The specific aims of this project are:- (i) to analyse experimental data sets for statistically-significant changes in population structure; (ii) to develop appropriate biostatistical tools to examine the statistical significance of data sets with regard to genotype quantification, combinatorial switching of genes and independence of switching events; (iii) to compare observed populations with output populations from stochastic models of populations behaviour; (iv) to provide statistical methods for estimation of sample sizes for further data collection.
We require an enthusiastic graduate with a Mathematics or Biostatistics 1st class degree (in exceptional circumstances a 2(i) class degree could be considered), preferably of the MSc level. A candidate with working knowledge of biological systems, particularly microbial replication and DNA replication, or/and of Applied Statistics will have an advantage.
Training in the development of mathematical approaches to data analysis and theoretical modelling of data will be provided by Profs. Alexander Gorban and Michael Tretyakov. Dr.
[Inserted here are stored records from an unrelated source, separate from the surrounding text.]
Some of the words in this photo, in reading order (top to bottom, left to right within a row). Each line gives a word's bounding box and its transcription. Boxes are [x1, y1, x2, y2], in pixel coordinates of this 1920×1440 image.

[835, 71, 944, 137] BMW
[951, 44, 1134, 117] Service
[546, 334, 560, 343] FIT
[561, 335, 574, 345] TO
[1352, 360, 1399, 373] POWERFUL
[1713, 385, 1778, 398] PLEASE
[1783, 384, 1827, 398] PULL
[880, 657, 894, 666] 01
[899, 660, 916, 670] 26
Christopher Bayliss will provide training in analysis of biological data sets and in the specifics of measuring phase variation in different bacterial species. The student will have a supervisory committee of appropriately qualified individuals and access to the graduate programs in both the Departments of Genetics and Mathematics ensuring access to a variety of appropriate training courses.
References:
Bayliss CD, Bidmos FA, Anjum A, Manchev VT, Richards RL, Grossier JP, Wooldridge KG, Ketley JM, Barrow PA, Jones MA, Tretyakov MV (2012). Phase variable genes of Campylobacter jejuni exhibit high mutation rates and specific mutational patterns but mutability is not the major determinant of population structure during host colonization. Nucleic Acids Res. PMID: 22434884
Moxon ER, Bayliss CD and Hood DW (2007). Bacterial contingency loci: the role of simple sequence DNA repeats in bacterial adaptation. Annual Review of Genetics. 40:307-333.
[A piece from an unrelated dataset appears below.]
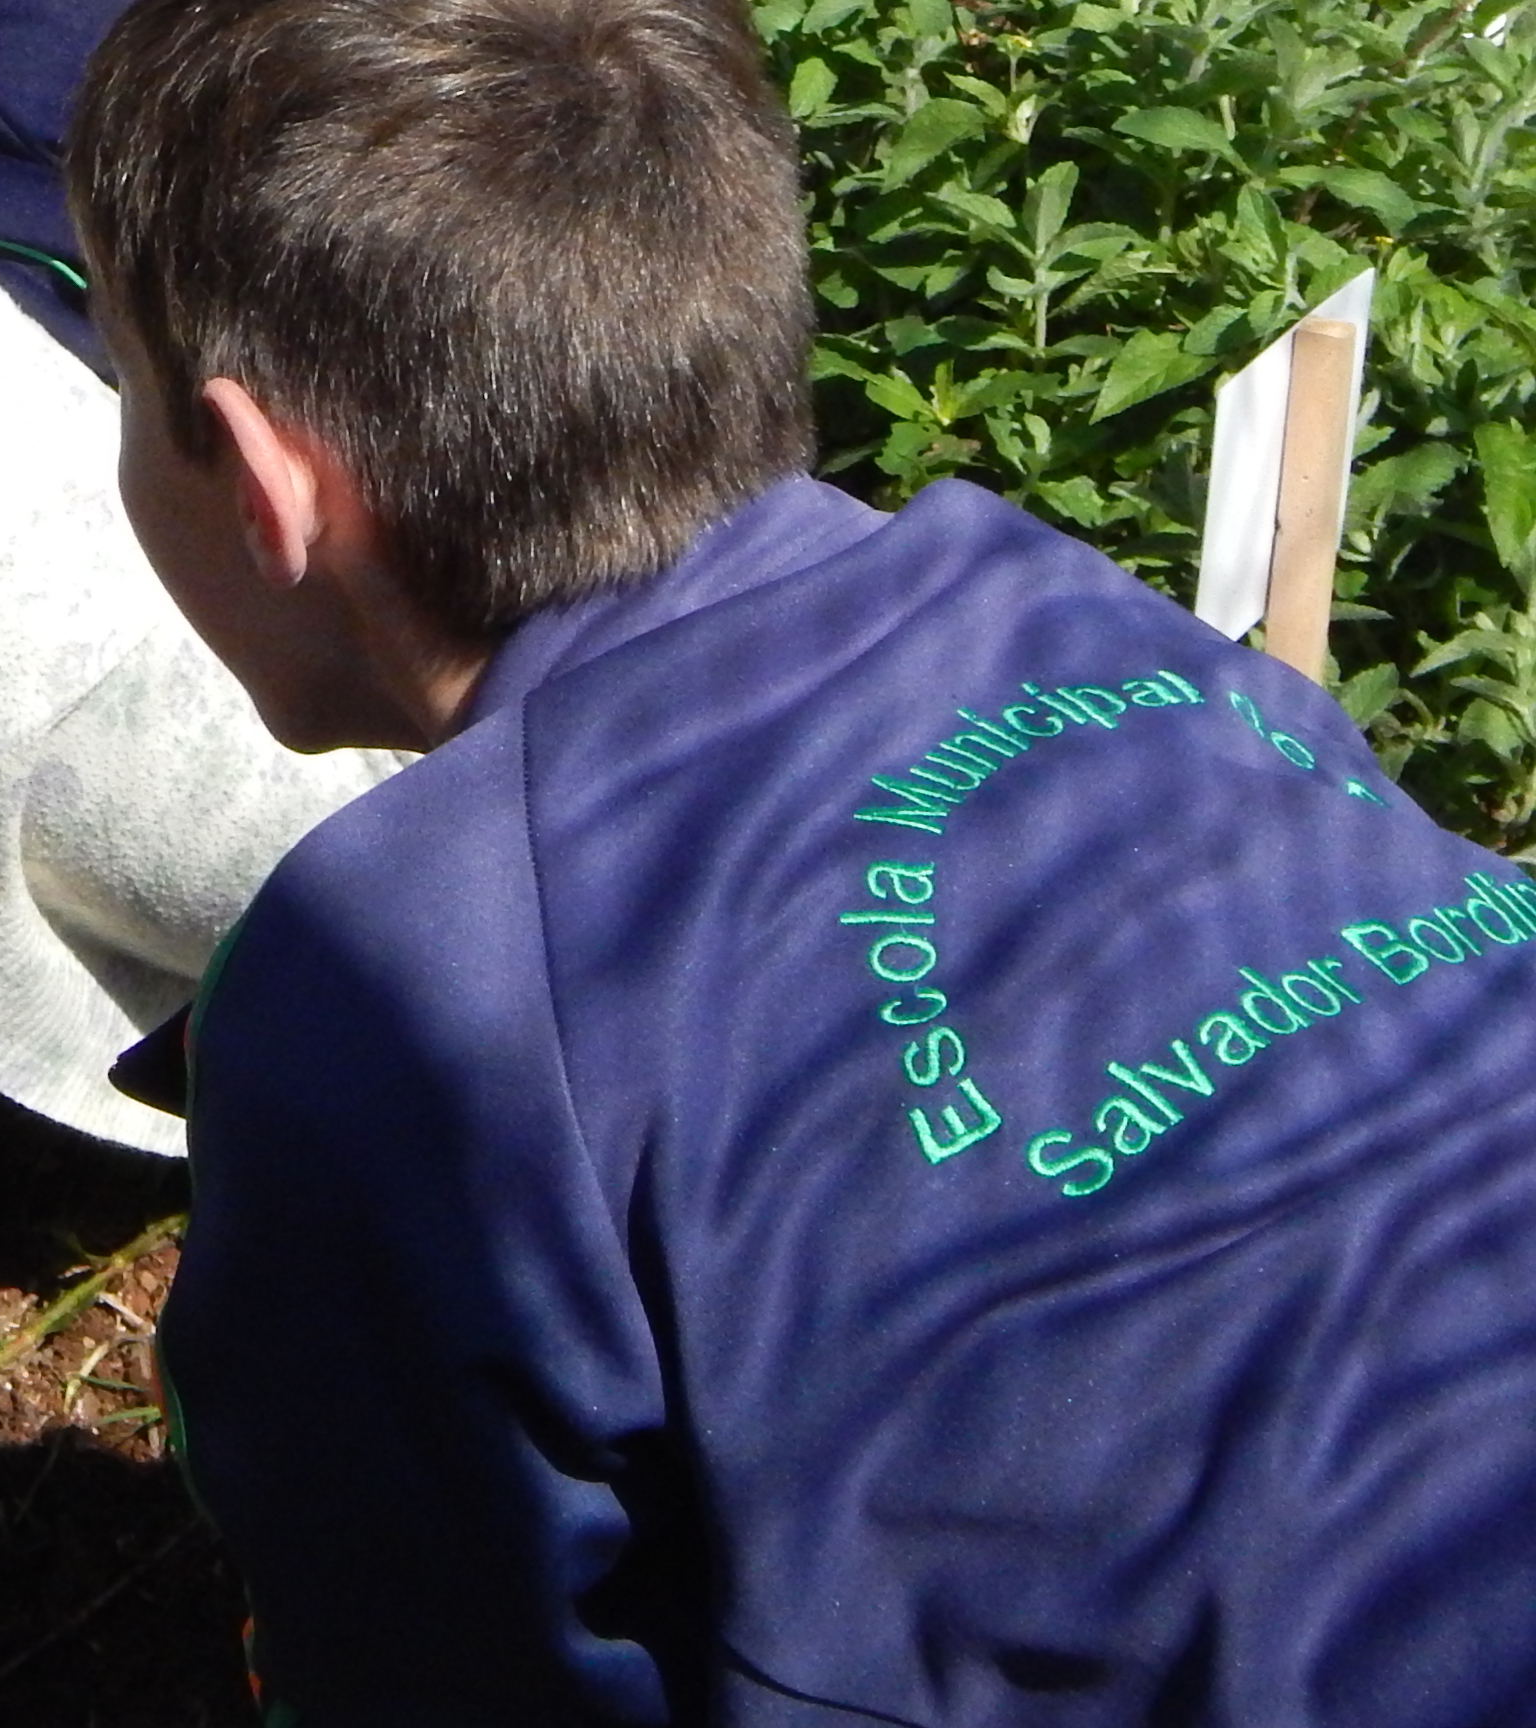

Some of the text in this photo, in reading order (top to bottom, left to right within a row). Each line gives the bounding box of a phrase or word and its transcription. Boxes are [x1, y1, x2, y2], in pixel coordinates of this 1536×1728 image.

[840, 670, 1206, 1165] Escola Municipal
[1028, 956, 1361, 1197] Salvador
Bayliss CD (2009). Determinants of phase variation rate and the fitness implications of differing rates for bacterial pathogens and commensals. FEMS Microbiological Reviews 33: 504-520.
De Bolle X, Bayliss CD, Field D, van de Ven T, Saunders NJ, Hood DW, and Moxon ER (2000). The length of a tetranucleotide repeat tract in Haemophilus influenzae determines the phase variation rate of a gene with homology to type III DNA methyltransferases. Molecular Microbiology, 35:211-222.